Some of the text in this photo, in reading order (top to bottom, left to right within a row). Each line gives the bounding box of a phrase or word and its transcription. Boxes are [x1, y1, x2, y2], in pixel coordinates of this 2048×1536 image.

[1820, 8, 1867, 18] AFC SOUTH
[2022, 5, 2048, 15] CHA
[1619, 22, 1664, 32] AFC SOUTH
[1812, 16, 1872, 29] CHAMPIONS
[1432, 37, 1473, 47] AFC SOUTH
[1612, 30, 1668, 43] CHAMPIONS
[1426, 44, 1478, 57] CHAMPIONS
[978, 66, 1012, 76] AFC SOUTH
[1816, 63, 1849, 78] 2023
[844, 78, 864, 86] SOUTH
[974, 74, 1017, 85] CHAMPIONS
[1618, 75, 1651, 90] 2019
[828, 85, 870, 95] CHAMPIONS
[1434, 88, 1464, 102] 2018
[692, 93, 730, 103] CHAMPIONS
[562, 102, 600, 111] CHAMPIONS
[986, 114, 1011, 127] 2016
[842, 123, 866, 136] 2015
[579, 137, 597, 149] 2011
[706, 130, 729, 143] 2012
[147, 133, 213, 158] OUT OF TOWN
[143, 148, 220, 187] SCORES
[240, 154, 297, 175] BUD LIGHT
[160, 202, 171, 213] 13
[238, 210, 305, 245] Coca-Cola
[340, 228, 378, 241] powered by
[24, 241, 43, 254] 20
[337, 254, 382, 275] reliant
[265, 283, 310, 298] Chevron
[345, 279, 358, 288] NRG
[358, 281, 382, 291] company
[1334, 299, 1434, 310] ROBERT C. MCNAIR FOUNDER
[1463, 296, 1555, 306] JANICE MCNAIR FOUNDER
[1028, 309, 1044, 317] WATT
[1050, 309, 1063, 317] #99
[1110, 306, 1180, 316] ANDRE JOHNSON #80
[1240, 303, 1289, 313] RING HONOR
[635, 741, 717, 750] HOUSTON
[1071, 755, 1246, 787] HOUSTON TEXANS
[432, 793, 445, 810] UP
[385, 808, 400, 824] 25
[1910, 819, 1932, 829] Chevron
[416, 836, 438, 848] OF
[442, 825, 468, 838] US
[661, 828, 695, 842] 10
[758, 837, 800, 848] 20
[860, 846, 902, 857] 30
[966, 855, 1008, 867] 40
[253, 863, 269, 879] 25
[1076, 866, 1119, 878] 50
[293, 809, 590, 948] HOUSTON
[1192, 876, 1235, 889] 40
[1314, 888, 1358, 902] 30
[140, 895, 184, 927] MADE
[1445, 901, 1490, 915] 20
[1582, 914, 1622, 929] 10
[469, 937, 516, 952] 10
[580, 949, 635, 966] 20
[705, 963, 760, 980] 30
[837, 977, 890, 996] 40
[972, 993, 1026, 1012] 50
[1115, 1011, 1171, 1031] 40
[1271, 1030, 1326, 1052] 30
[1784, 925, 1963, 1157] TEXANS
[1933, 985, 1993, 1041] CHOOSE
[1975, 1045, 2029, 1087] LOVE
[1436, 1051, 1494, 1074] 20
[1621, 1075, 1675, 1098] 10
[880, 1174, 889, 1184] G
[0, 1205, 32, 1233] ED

_ _ _ _

The problem: Word for word, restate the material above.

Solution:
Some of the text in this photo, in reading order (top to bottom, left to right within a row). Each line gives the bounding box of a phrase or word and its transcription. Boxes are [x1, y1, x2, y2], in pixel coordinates of this 2048×1536 image.

[1820, 8, 1867, 18] AFC SOUTH
[2022, 5, 2048, 15] CHA
[1619, 22, 1664, 32] AFC SOUTH
[1812, 16, 1872, 29] CHAMPIONS
[1432, 37, 1473, 47] AFC SOUTH
[1612, 30, 1668, 43] CHAMPIONS
[1426, 44, 1478, 57] CHAMPIONS
[978, 66, 1012, 76] AFC SOUTH
[1816, 63, 1849, 78] 2023
[844, 78, 864, 86] SOUTH
[974, 74, 1017, 85] CHAMPIONS
[1618, 75, 1651, 90] 2019
[828, 85, 870, 95] CHAMPIONS
[1434, 88, 1464, 102] 2018
[692, 93, 730, 103] CHAMPIONS
[562, 102, 600, 111] CHAMPIONS
[986, 114, 1011, 127] 2016
[842, 123, 866, 136] 2015
[579, 137, 597, 149] 2011
[706, 130, 729, 143] 2012
[147, 133, 213, 158] OUT OF TOWN
[143, 148, 220, 187] SCORES
[240, 154, 297, 175] BUD LIGHT
[160, 202, 171, 213] 13
[238, 210, 305, 245] Coca-Cola
[340, 228, 378, 241] powered by
[24, 241, 43, 254] 20
[337, 254, 382, 275] reliant
[265, 283, 310, 298] Chevron
[345, 279, 358, 288] NRG
[358, 281, 382, 291] company
[1334, 299, 1434, 310] ROBERT C. MCNAIR FOUNDER
[1463, 296, 1555, 306] JANICE MCNAIR FOUNDER
[1028, 309, 1044, 317] WATT
[1050, 309, 1063, 317] #99
[1110, 306, 1180, 316] ANDRE JOHNSON #80
[1240, 303, 1289, 313] RING HONOR
[635, 741, 717, 750] HOUSTON
[1071, 755, 1246, 787] HOUSTON TEXANS
[432, 793, 445, 810] UP
[385, 808, 400, 824] 25
[1910, 819, 1932, 829] Chevron
[416, 836, 438, 848] OF
[442, 825, 468, 838] US
[661, 828, 695, 842] 10
[758, 837, 800, 848] 20
[860, 846, 902, 857] 30
[966, 855, 1008, 867] 40
[253, 863, 269, 879] 25
[1076, 866, 1119, 878] 50
[293, 809, 590, 948] HOUSTON
[1192, 876, 1235, 889] 40
[1314, 888, 1358, 902] 30
[140, 895, 184, 927] MADE
[1445, 901, 1490, 915] 20
[1582, 914, 1622, 929] 10
[469, 937, 516, 952] 10
[580, 949, 635, 966] 20
[705, 963, 760, 980] 30
[837, 977, 890, 996] 40
[972, 993, 1026, 1012] 50
[1115, 1011, 1171, 1031] 40
[1271, 1030, 1326, 1052] 30
[1784, 925, 1963, 1157] TEXANS
[1933, 985, 1993, 1041] CHOOSE
[1975, 1045, 2029, 1087] LOVE
[1436, 1051, 1494, 1074] 20
[1621, 1075, 1675, 1098] 10
[880, 1174, 889, 1184] G
[0, 1205, 32, 1233] ED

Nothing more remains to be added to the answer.